Chapter 2: Current Status of Nepal Biodiversity Strategy and Action Plan

2.1 Overview

The Nepal Biodiversity Strategy (NBS) is an important tool for implementing the provisions under CBD. It serves as an overall framework for the conservation and sustainable use of biodiversity and biological resources through the management of habitat, species and genetic diversity in the country.

The Nepal Biodiversity Strategy Implementation Plan (NBSIP) is a framework to materialize the vision of the NBS into practical actions for effective conservation of biodiversity and sustainable use of its resources. The overall goal of the NBSIP is to contribute to achieve the goals and objectives of NBS through its successful implementation of the conservation of biological diversity, the maintenance of ecological processes, and the equitable sharing of the benefits accrued. The objectives of the NBSIP set for the period of 2006-2010 are to: (i) conserve biodiversity of Nepal within and outside protected areas; (ii) identify, develop and establish legislative, policy and strategic measures necessary to conserve, sustainably utilise and provide access to and share benefits of Nepal's biological resources; (iii) conserve endangered species of wildlife; (iv) develop legislation (viz. sui generis legislation, access to genetic resources and benefit sharing), sub-sectoral policies and strategic measures; (v) develop sustainable eco-friendly rural tourism; and (vi) domesticate NTFPs and explore marketing opportunities for poverty reduction.
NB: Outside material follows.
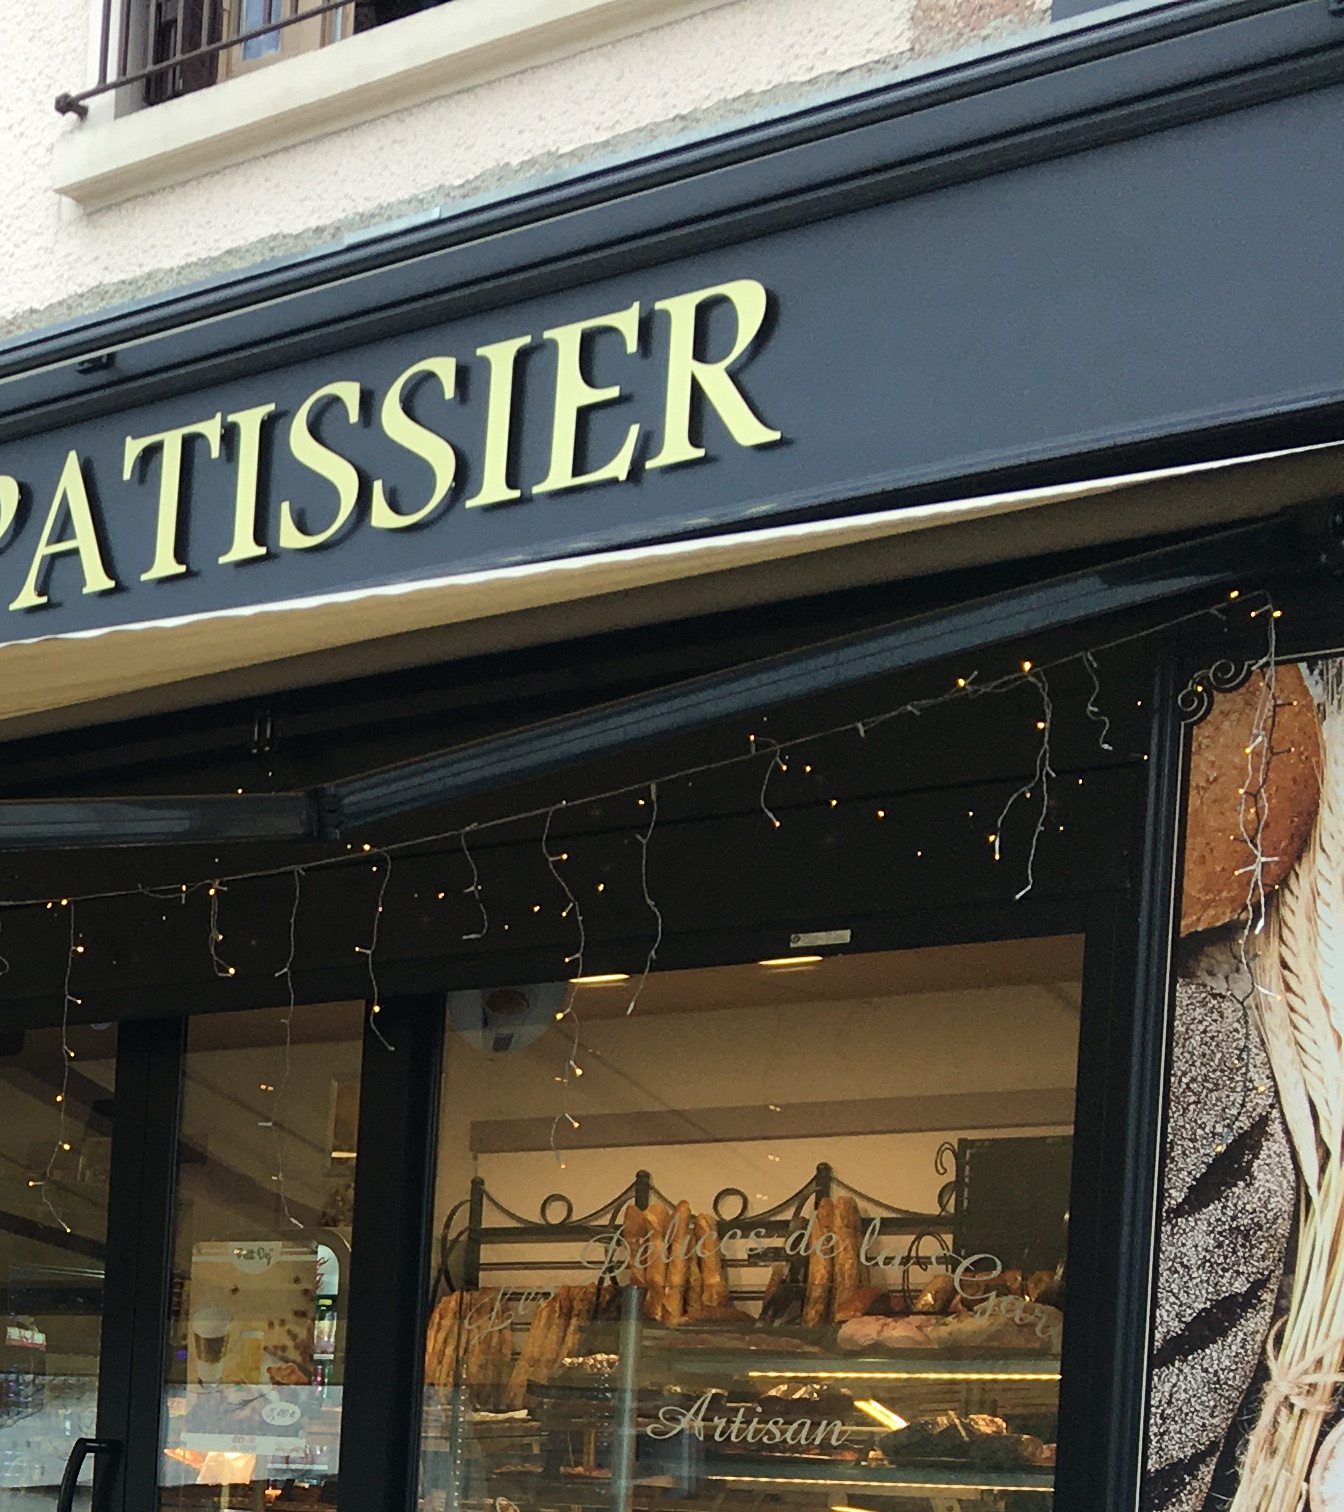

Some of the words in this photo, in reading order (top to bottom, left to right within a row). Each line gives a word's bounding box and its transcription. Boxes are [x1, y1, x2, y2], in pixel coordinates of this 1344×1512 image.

[580, 1212, 768, 1278] Délices
[784, 1211, 849, 1259] de
[859, 1216, 921, 1272] la
[646, 1392, 852, 1446] Artisan
The NBSIP, developed in 2006, has identified 13 priority concept projects to be implemented by relevant executing agencies (mostly national) in consultation with the concerned stakeholders. These projects belong to seven sectors that include six thematic areas and one cross-sectoral area. Altogether, 24 criteria are used to select the priority projects comprising: (i) biological criteria; (ii) socio-economic criteria,;and (iii) socio-cultural criteria. In addition, 14 cross-cutting criteria related to poverty reduction, cultural heritage, environment and ecotourism were also used. The projects were ranked in terms of priority determined by the concerned stakeholders.
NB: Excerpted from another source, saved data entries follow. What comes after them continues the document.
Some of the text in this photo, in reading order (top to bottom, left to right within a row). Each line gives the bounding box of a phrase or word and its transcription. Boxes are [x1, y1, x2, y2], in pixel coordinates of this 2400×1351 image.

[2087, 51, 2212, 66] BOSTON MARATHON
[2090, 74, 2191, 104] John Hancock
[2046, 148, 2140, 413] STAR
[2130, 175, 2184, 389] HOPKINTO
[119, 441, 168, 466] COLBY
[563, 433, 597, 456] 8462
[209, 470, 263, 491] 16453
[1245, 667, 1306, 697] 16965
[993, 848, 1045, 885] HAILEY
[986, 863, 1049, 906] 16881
International targets and indicators recommended by COP 7 (2004) were not adequately considered during the development of NBSIP and the Nepal Third Report to the CBD. So, an attempt in the Nepal Fourth National Report has also been made to identify Nepal's biodiversity target for 2010 based on the assessment of progress made in the implementation of all 13 prioritised concept projects identified under NBSIP. The parameters used to identify the status of the priority projects are qualitative and adapted from the Millennium Development Goals of Nepal (2005) with some modifications. For example: 'Will objectives be reached' has four categories: (i) Achieved; (ii) Likely; (iii) Less likely; and (iv) Lack of data. The next parameter used is 'Status of supportive environment', also comprises four categories: (i) Strong; (ii) Fair; (iii) Weak but improving; and (iv) Weak.

In the category 'Will the objectives be reached,' more than 50% of the objectives of the 13 priority projects identified under NBSIP show progressive trend and are considered likely to be achieved. These objectives are found to be of high level consistency, well focused and community-oriented. Similarly, the status of supportive environment in general is 'Weak' for the priority projects, particularly those projects that require coordination between two or more institutions and additional funding. However, many project objectives are having 'Fair' supportive environment and may be achieved by 2010.

A general review of the NBSIP during the preparation of this report has underpinned the need of a greater attention on key priorities that are linked to participatory conservation approaches with livelihoods links. For specific objectives of the projects, quantitative, measurable and realistic targets need to be developed by 2010 for the period of 2011-2015. The process has been initiated by the MFSC.